The Book of Lost Names by Kristin Harmel
I have my book club to thank for this one, though I’ll admit I read it the month after we discussed it. Better late than never, right?
Cover Description
Eva Traube Abrams, a librarian near retirement, is shelving books when a magazine photograph catches her eye. It’s a book she hasn’t seen since the Nazis looted library in a small French town sixty-five years ago, one she dubbed The Book of Lost Names. Now, German researchers are trying to find the rightful owner, as well as crack the code inside it. Only Eva holds the answer.
In 1942, Eva fled Paris after the arrest of her father, a Polish Jew. Upon finding refuge in a small mountain town in the Free Zone, she forges documents to help smuggle Jewish children into Switzerland. Erasing people, and hiding her own faith, comes with a price, one confounded by her attraction to the Catholic forger named Rémy. To help make sense of her competing feelings, she insists on keeping a record of the children’s real names in The Book of Lost Names. The book becomes even more important when their resistance cell is betrayed and Rémy disappears.
Characters
Eva begins the story with clear plans for her English degree, but the war throws her life into chaos, creating immense emotional insecurity. Much of the story takes place inside Eva’s conflicted thoughts. Her guilt, her attraction to Rémy, her tense relationship with her mother, and her concern about the war all feature prominently—too much at first. I had trouble connecting with Eva because it felt like she did nothing but deliberate and worry. Perhaps I saw too much of myself in her. By the end, however, I was rooting for her, and I found the ending to the book emotionally moving.
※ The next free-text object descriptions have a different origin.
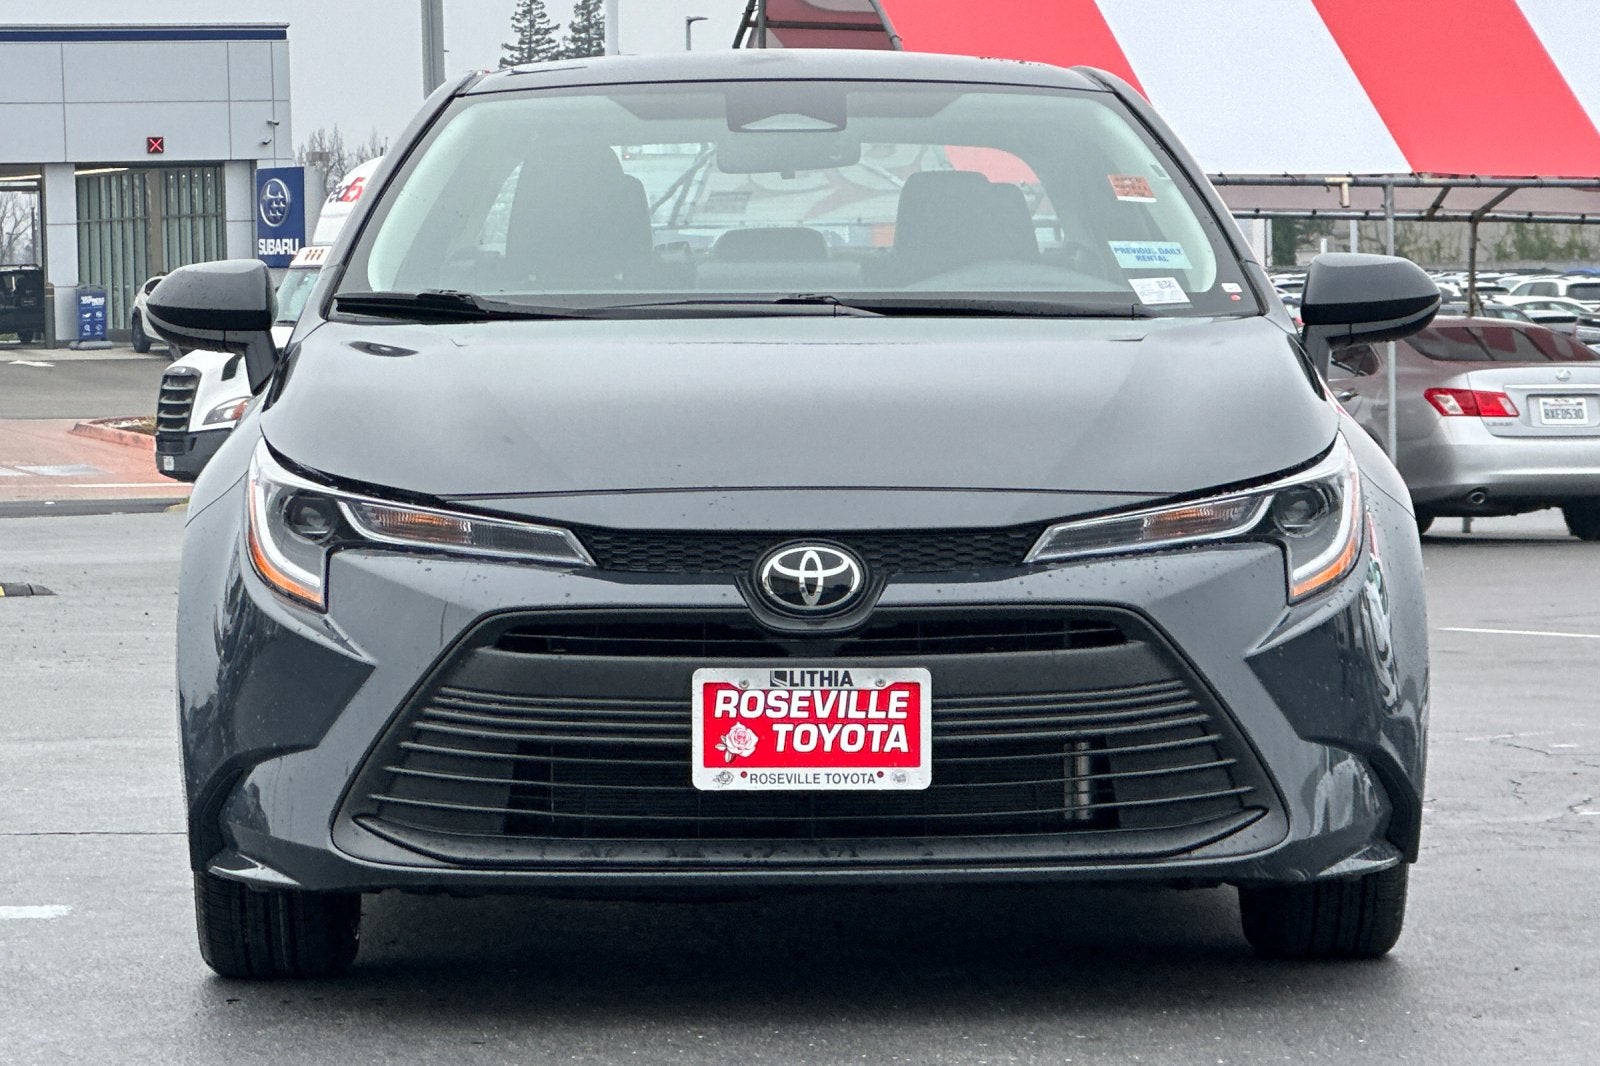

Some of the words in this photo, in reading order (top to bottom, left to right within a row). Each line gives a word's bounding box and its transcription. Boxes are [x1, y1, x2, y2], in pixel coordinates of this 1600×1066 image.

[258, 238, 299, 256] SUBARU
[789, 670, 853, 687] LITHIA
[713, 689, 910, 719] ROSEVILLE
[772, 723, 909, 753] TOYOTA
[749, 773, 821, 785] ROSEVILLE
[826, 773, 876, 785] TOYOTA
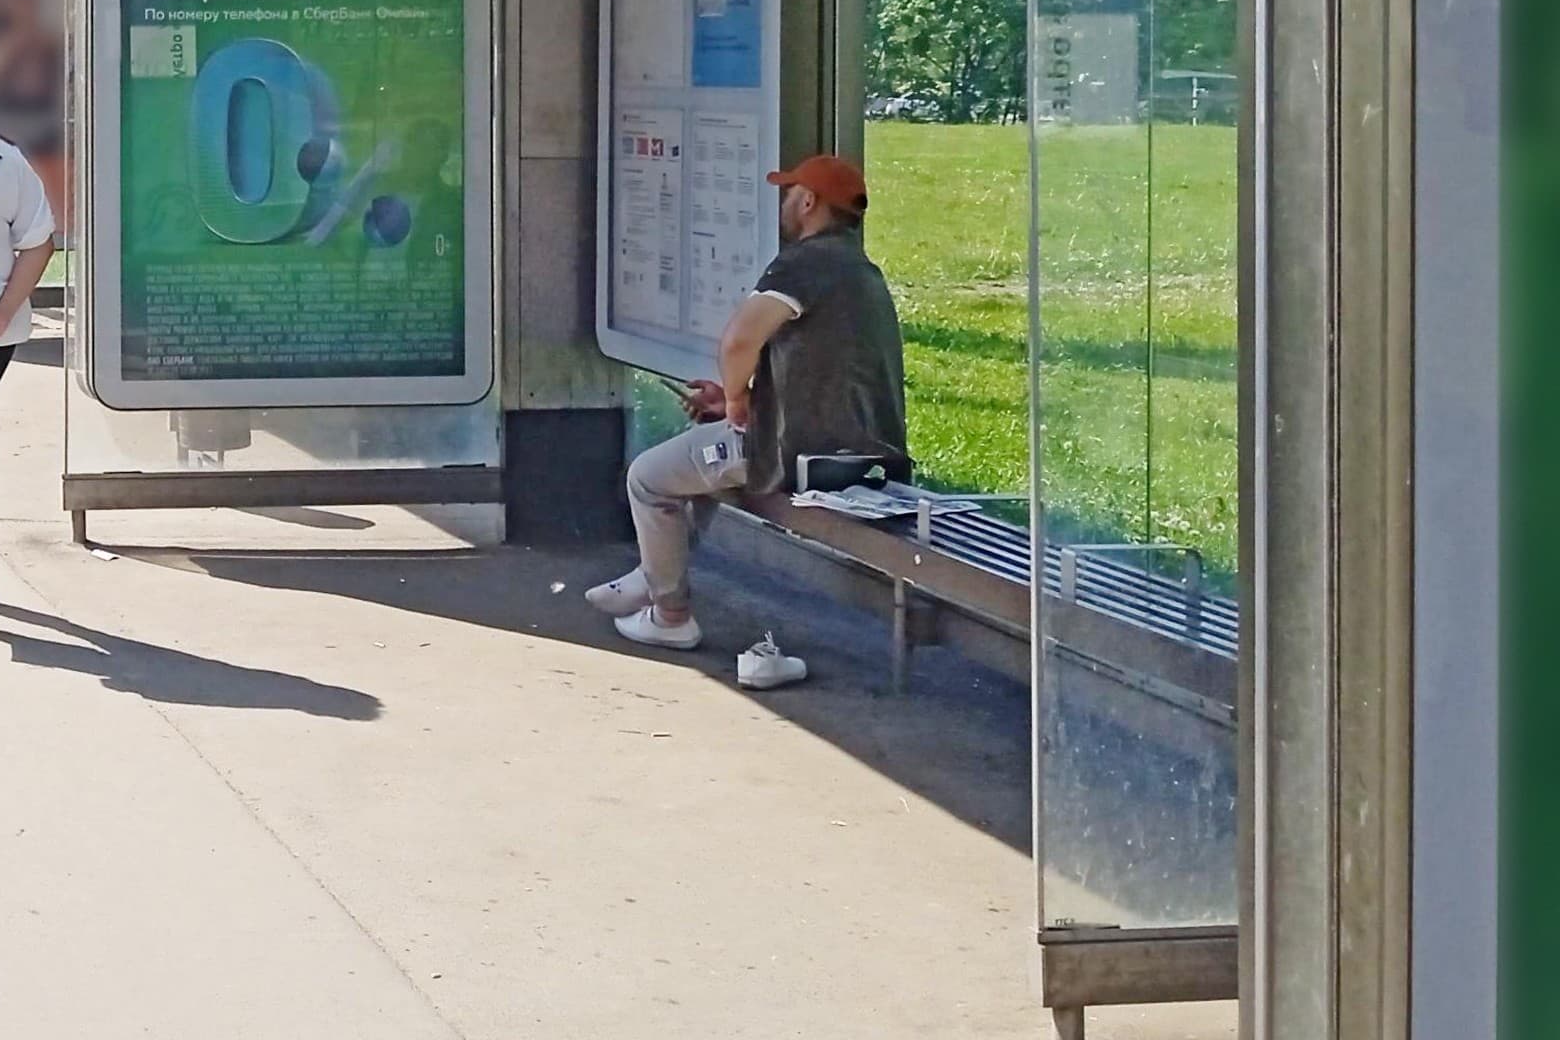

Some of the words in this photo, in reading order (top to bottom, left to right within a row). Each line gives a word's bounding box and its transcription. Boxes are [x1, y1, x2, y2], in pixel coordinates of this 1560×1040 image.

[145, 8, 165, 21] По
[168, 10, 219, 24] номеру
[222, 8, 289, 24] телефона
Rémy is the generic gallant hero found so often in women’s fiction it’s almost cliché—but I liked him anyway. The Catholic priest is similarly standard, but again, I liked him anyway. To use another cliché: if it ain’t broke, don’t fix it. Eva’s mother was underdeveloped. Though her reactions to the circumstances were realistic, her behavior lacked cohesion, feeling…stringy. I can’t think of a better word. Toward the end, I wished the author had spent more time demonstrating the mother’s true feelings directly, instead of Eva hearing them by second-hand report.
Plot
The plot begins with the Nazi’s arrests, slows briefly while Eva establishes herself as a forger, but speeds up again toward the end when the conflict and drama intensify. I will admit I didn’t see the twist coming, but the author should have included more hints. I suspected someone else, and there wasn’t any reason to suspect the real betrayer. The personality change in the betrayer was too dramatic, too quick. Overall, the plot was well-rounded with enough ups and downs to keep me reading.
Writing Style
Harmel’s prose is simplistic but clear. Nothing to swoon over, but it gets the job done.
Miscellaneous
I never tire of reading WWII fiction. The conflict is a treasure trove of stories, and I’m sure we’ve barely scratched the surface. The heroism and self-sacrifice of that age inspire me. Sometimes wonder how my own generation would handle a similar situation. Not well, I fear, but perhaps I am too cynical.
Conclusion
The Book of Lost Names has everything a reader could want—intrigue, heroism, romance, and of course, a special book. Eva’s emotional turmoil is authentic, and her heroism inspiring. In simple but clear prose, Kristin Harmel adds another perspective to our understanding of one of the most defining conflicts of the twentieth century.